==== EXERCISE INPUT

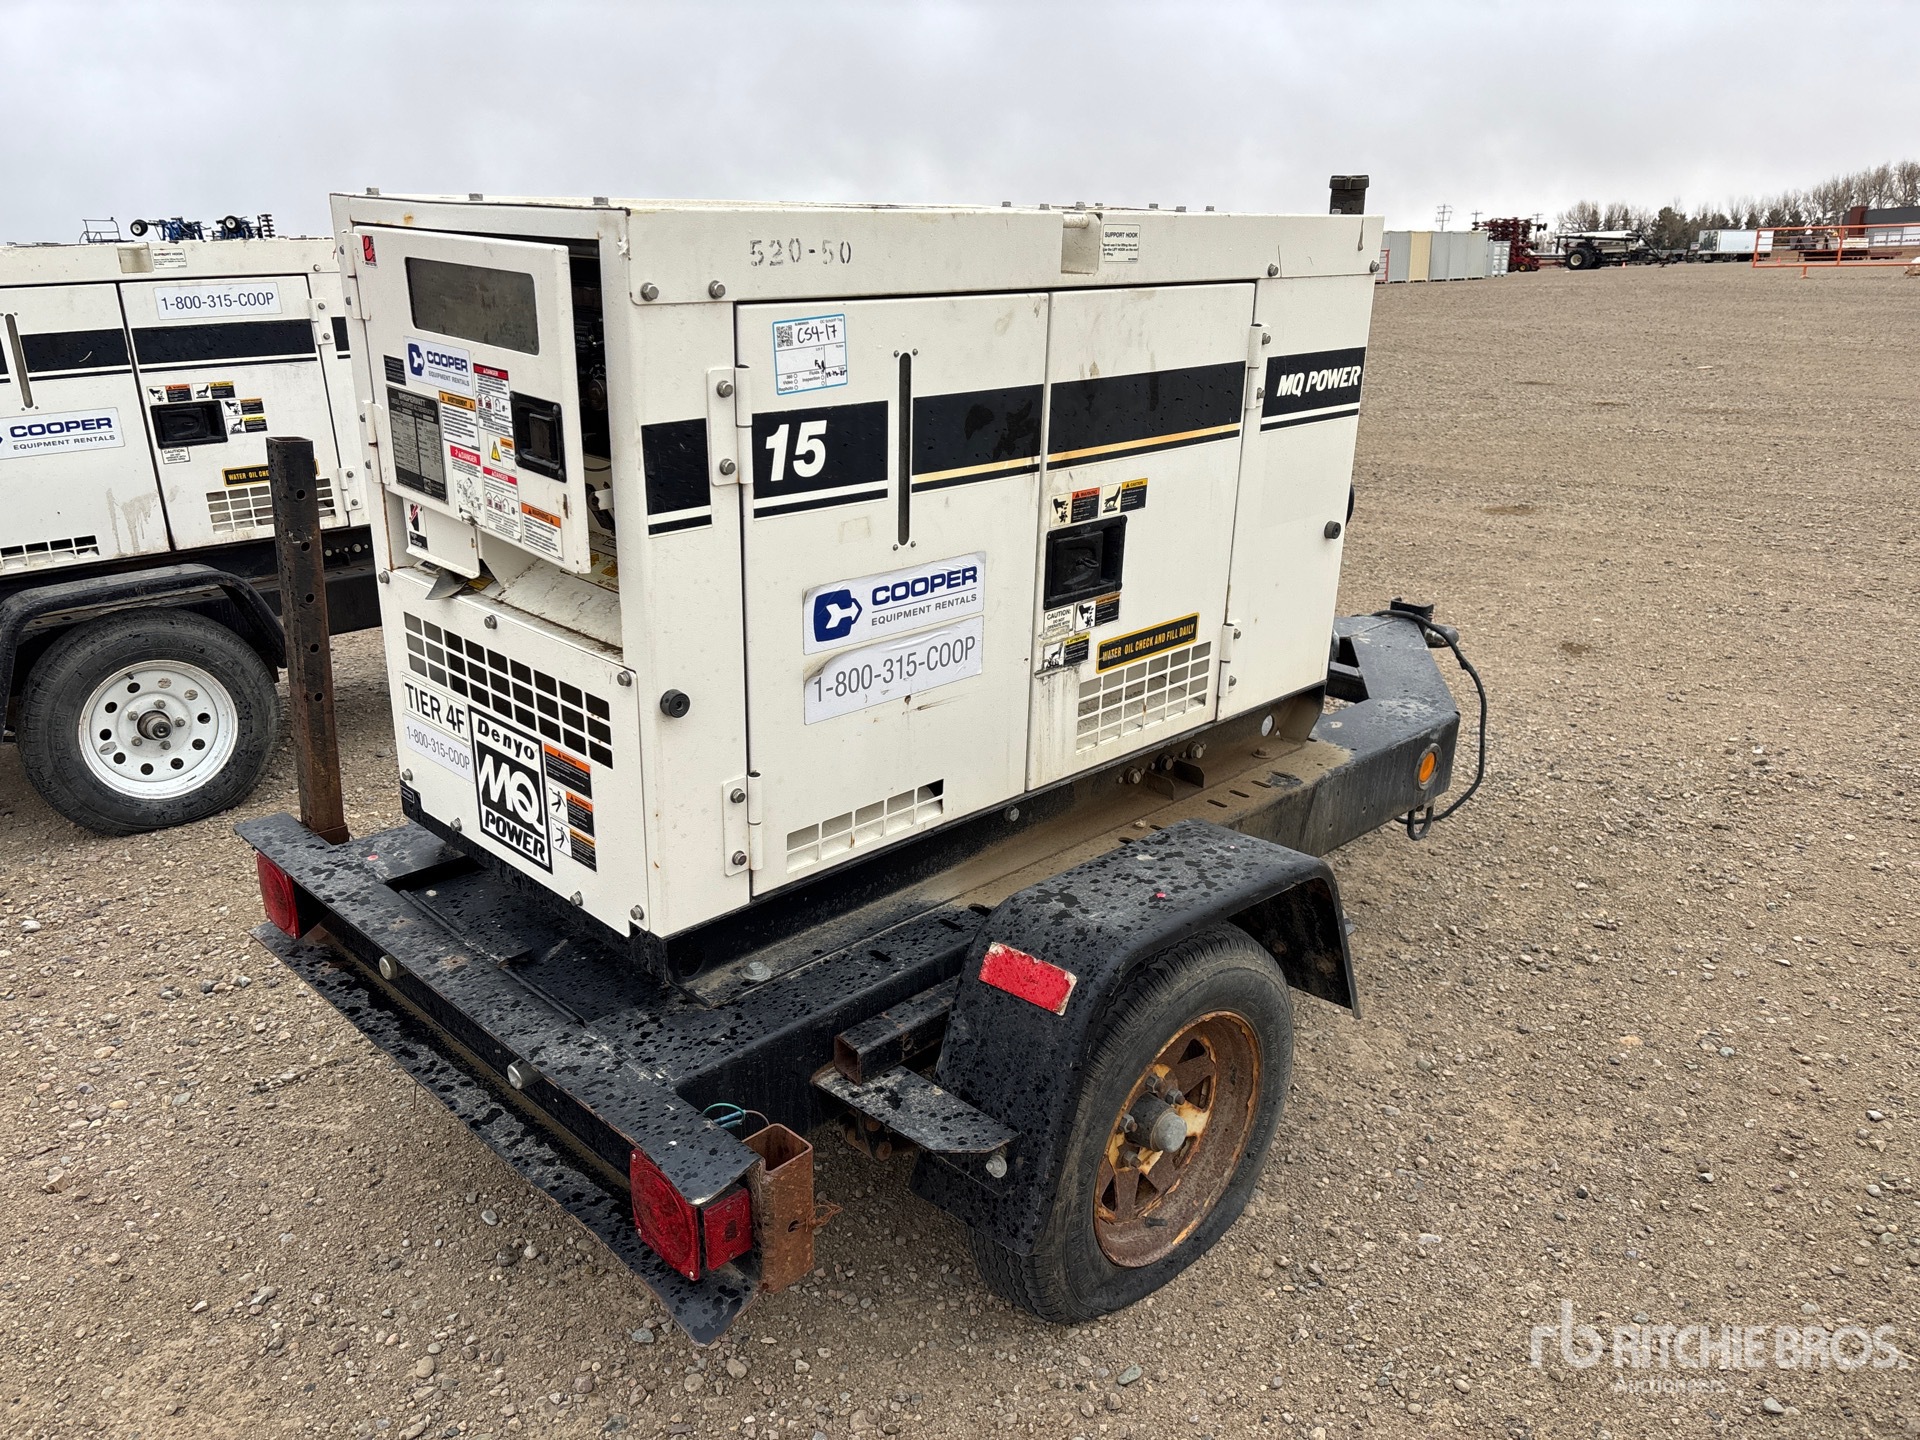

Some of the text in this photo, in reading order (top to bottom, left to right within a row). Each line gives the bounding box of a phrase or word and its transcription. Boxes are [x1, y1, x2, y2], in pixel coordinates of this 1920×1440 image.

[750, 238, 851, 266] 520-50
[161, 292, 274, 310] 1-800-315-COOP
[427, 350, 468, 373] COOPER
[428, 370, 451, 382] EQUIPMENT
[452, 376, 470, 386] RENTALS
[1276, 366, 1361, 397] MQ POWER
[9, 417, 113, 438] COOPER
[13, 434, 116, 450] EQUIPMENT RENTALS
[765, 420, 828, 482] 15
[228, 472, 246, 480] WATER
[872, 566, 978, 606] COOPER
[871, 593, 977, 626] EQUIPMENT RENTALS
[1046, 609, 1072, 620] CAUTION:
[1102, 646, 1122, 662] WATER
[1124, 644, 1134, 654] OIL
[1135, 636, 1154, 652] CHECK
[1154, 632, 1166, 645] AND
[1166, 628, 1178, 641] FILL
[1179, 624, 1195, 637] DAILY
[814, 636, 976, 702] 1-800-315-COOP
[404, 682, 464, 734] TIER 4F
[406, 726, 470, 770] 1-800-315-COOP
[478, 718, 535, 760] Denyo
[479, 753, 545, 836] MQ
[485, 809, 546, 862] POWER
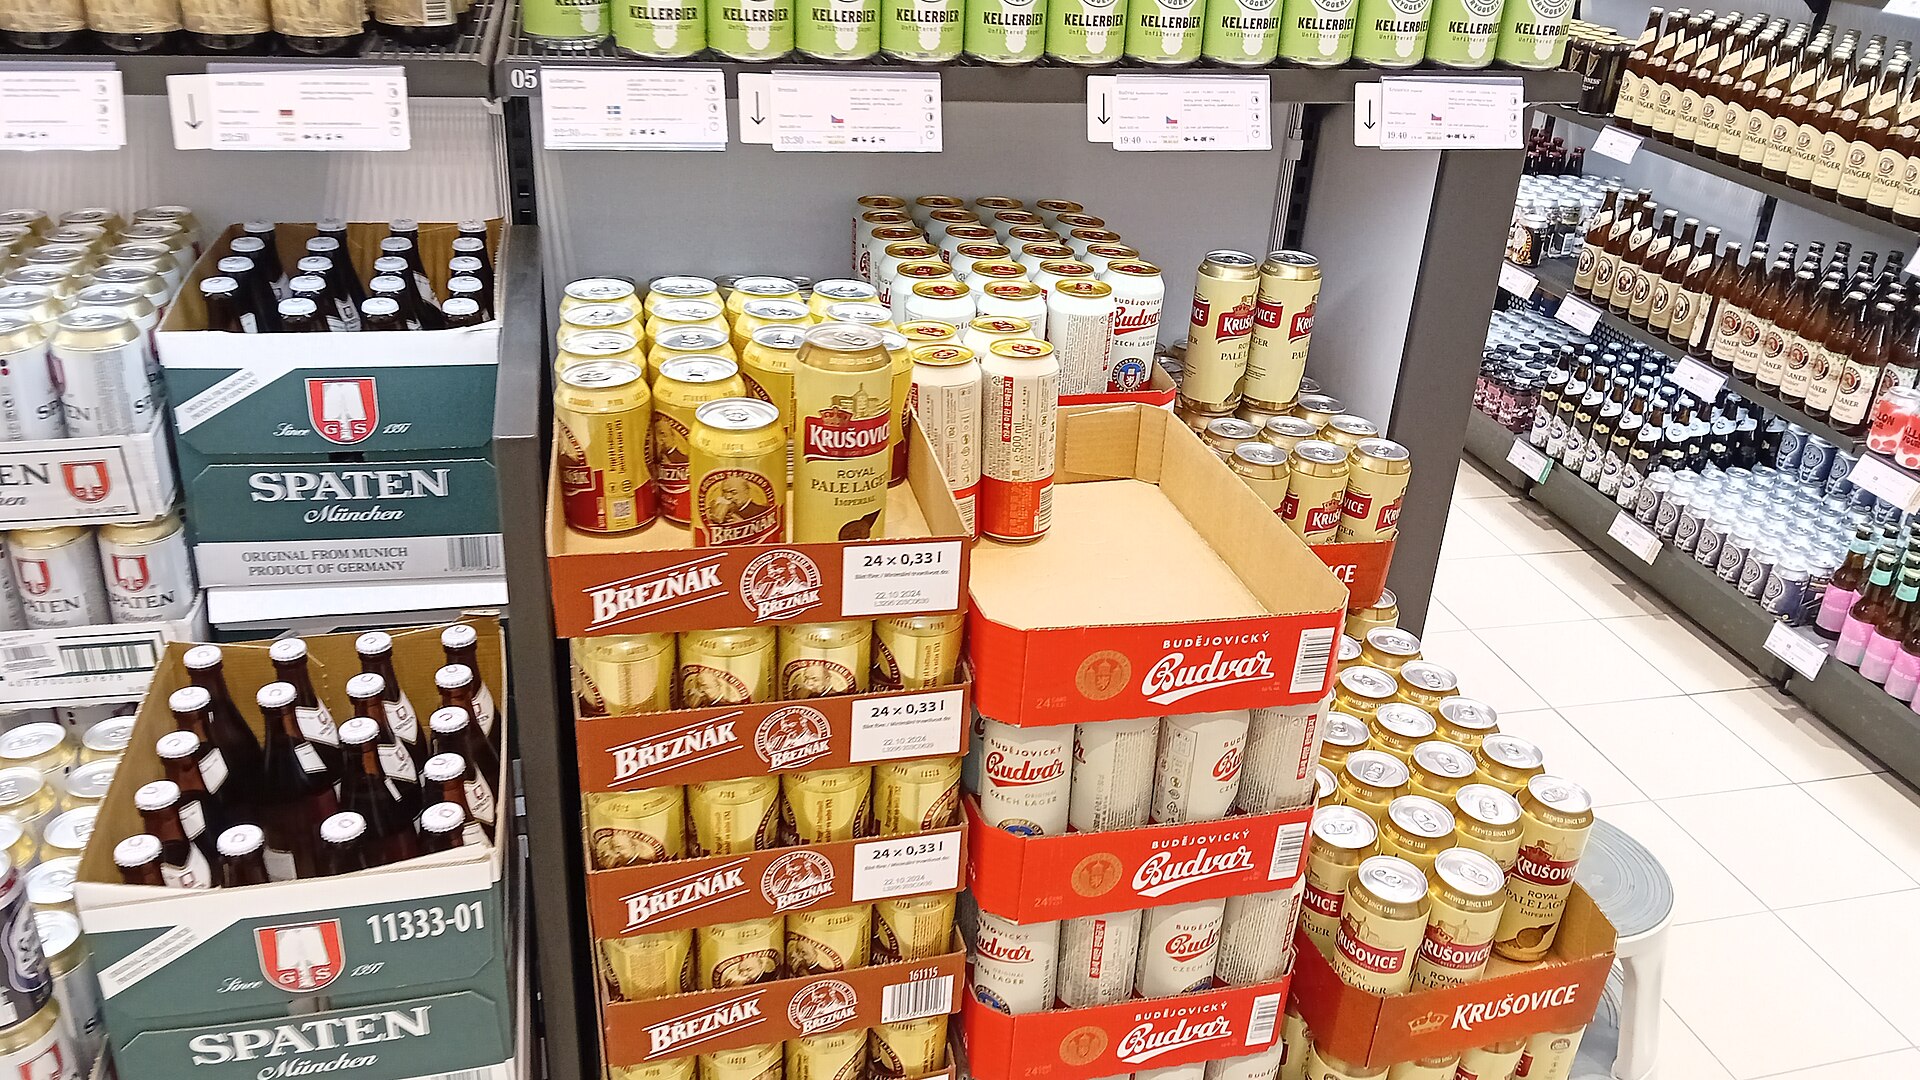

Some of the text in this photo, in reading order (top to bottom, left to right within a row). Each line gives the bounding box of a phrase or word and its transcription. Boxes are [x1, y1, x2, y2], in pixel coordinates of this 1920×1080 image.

========

Please output all the data exactly as given, with the pictures omitted.

Some of the text in this photo, in reading order (top to bottom, left to right within a row). Each line gives the bounding box of a phrase or word and its transcription. Boxes are [x1, y1, x2, y2], in pixel coordinates of this 1920×1440 image.

[750, 238, 851, 266] 520-50
[161, 292, 274, 310] 1-800-315-COOP
[427, 350, 468, 373] COOPER
[428, 370, 451, 382] EQUIPMENT
[452, 376, 470, 386] RENTALS
[1276, 366, 1361, 397] MQ POWER
[9, 417, 113, 438] COOPER
[13, 434, 116, 450] EQUIPMENT RENTALS
[765, 420, 828, 482] 15
[228, 472, 246, 480] WATER
[872, 566, 978, 606] COOPER
[871, 593, 977, 626] EQUIPMENT RENTALS
[1046, 609, 1072, 620] CAUTION:
[1102, 646, 1122, 662] WATER
[1124, 644, 1134, 654] OIL
[1135, 636, 1154, 652] CHECK
[1154, 632, 1166, 645] AND
[1166, 628, 1178, 641] FILL
[1179, 624, 1195, 637] DAILY
[814, 636, 976, 702] 1-800-315-COOP
[404, 682, 464, 734] TIER 4F
[406, 726, 470, 770] 1-800-315-COOP
[478, 718, 535, 760] Denyo
[479, 753, 545, 836] MQ
[485, 809, 546, 862] POWER

Some of the text in this photo, in reading order (top to bottom, left to right within a row). Each line gives the bounding box of a phrase or word and its transcription. Boxes are [x1, y1, x2, y2], in pixel coordinates of this 1920×1080 image.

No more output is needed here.